I’m learning the nights of tear-filled eyes, but a ‘yes’ to God in my heart, are sometimes the most meaningful ones//I’m learning it’s okay to be a little scared of the unknowns, yet still trust God. It’s okay to be super strong, and yet still have days where I feel weak. It’s okay to not always be the one holding it together just because I feel that that’s what I’m expected to do by the rest of the world. Cause in reality, that’s where I go wrong. I go wrong when I hold the expectations of the rest of the world above the expectations of Christ. Woah. Read that one again.

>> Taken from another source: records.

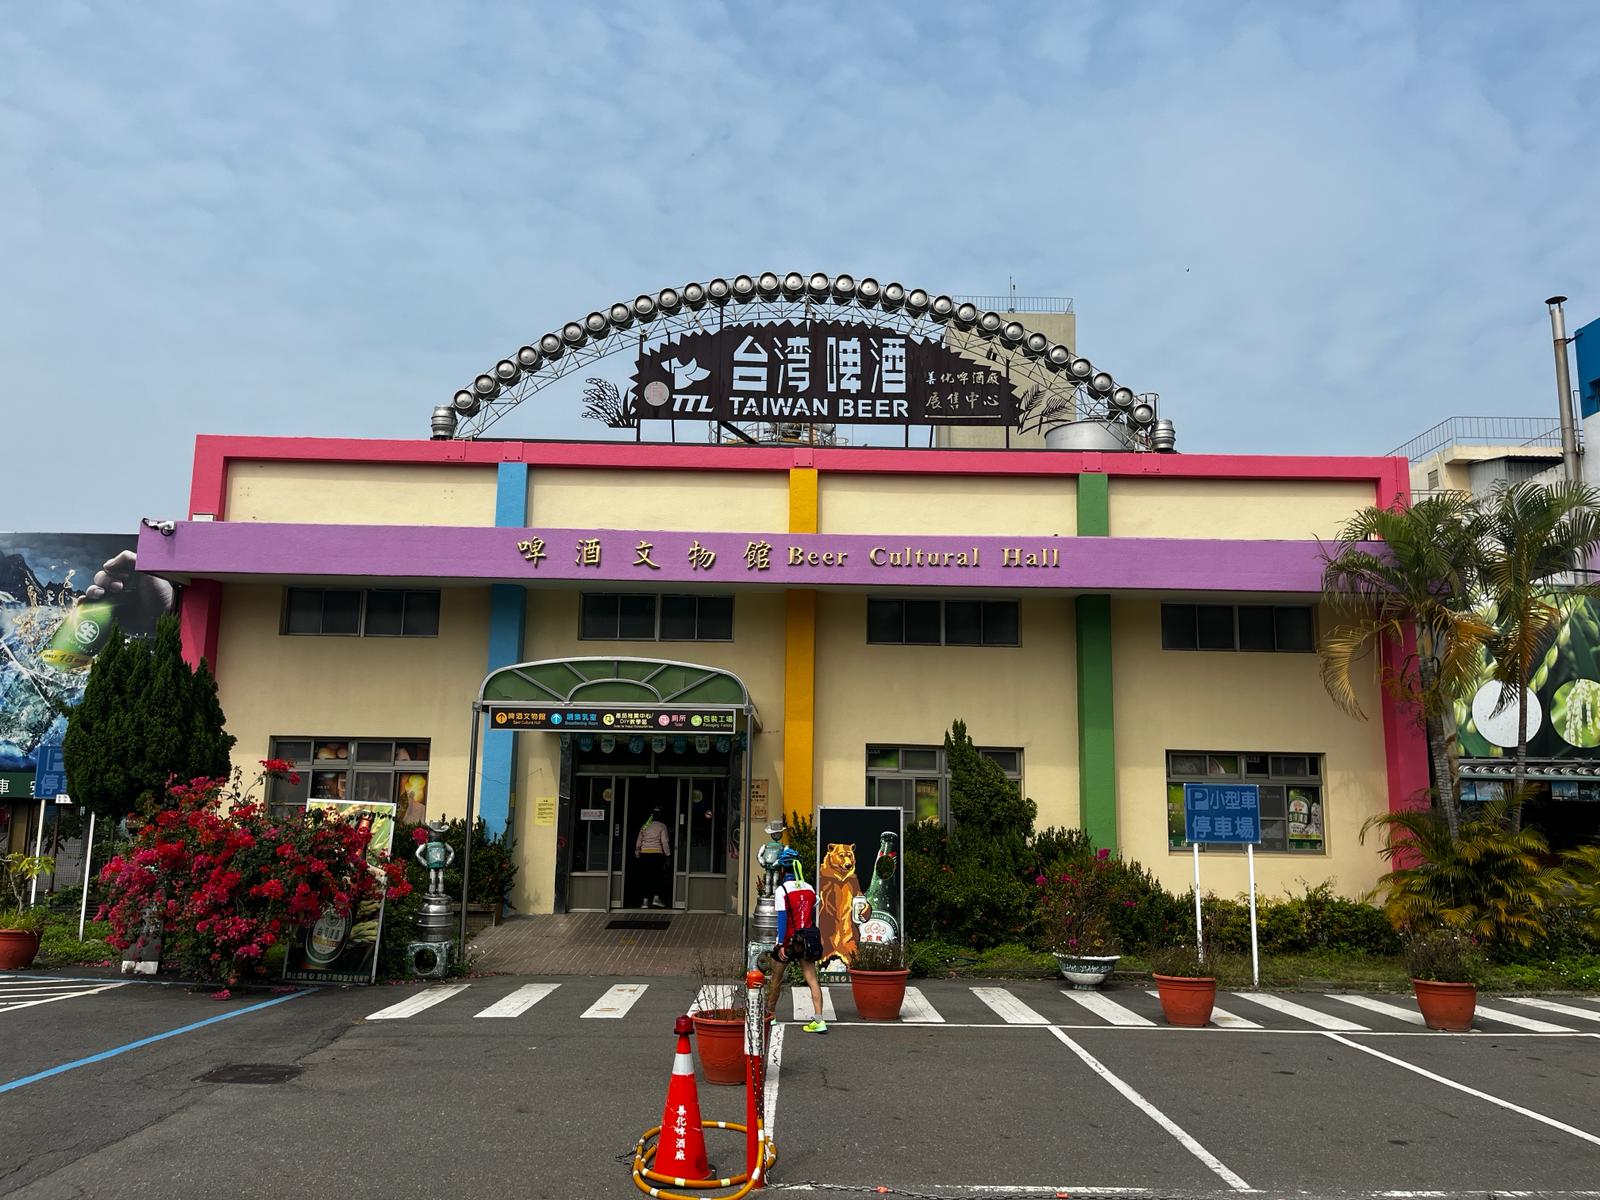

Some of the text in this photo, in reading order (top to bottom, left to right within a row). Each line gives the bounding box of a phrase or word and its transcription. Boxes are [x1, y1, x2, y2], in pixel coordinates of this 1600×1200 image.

[672, 394, 714, 413] TTL
[729, 397, 909, 418] TAIWAN BEER
[926, 391, 1000, 410] 展售中心
[517, 536, 1060, 569] 啤酒文物館 Beer Cultural Hall
[1209, 790, 1257, 810] 小型車
[1192, 815, 1255, 839] 停車場
[674, 1104, 687, 1161] 善化啤酒廠

All too often, I base my success or my meaning or my purpose on the approval of others, rather than just on the Lord. I want to fit in (yeah, fam, even as a 29 year old adult). I want others to like me. I want to feel loved and approved of and accepted. But I have to remember, I already have that in Jesus. Jesus loved, approved of, fit me in, and accepted me for all of the messy me that I am when He willingly went to The Cross so that I could have everlasting life. Bro. That’s some heavy weight right there if I’ve ever heard it.
So to my own eyes, and anyone else’s that’s read this far, I hope you’ll remember these things. Go ahead and feel everything. Allow yourself to breakdown. And then allow stillness in a quiet place with Jesus to bring you back up. Come to Him in the midst of the mess instead of when you feel presentable and ‘ready.’ Bring it all to Him and lay it all down. Cry it out, but keep that ‘yes’ alive. His ‘yes’ to us is what gave us life. And lastly, if you’re going to give your life up to be completely sold out for Jesus, then sell out and do it, baby. Go all in for the gospel. Live against the grain of society. Be misunderstood. Let them look at you like you’re crazy. And then remember that they aren’t the ones that have control over your eternity in Heaven. They aren’t the ones that have been called (yet). They aren’t the ones with your gifts and your heart. So live out the truth He designed in you. Pick up the Cross He died on and follow Him. This life ain’t always easy; but gosh darnit, it’s worth it. He’s worth it. And you’re worth it. Your life and my life were worth His. Let’s start living like that.
I’m in the midst of good and hard if I’ve ever been in it, and I have no clue what’s next… but I do know He has my ‘yes.’ And for today, that’s all that matters to me.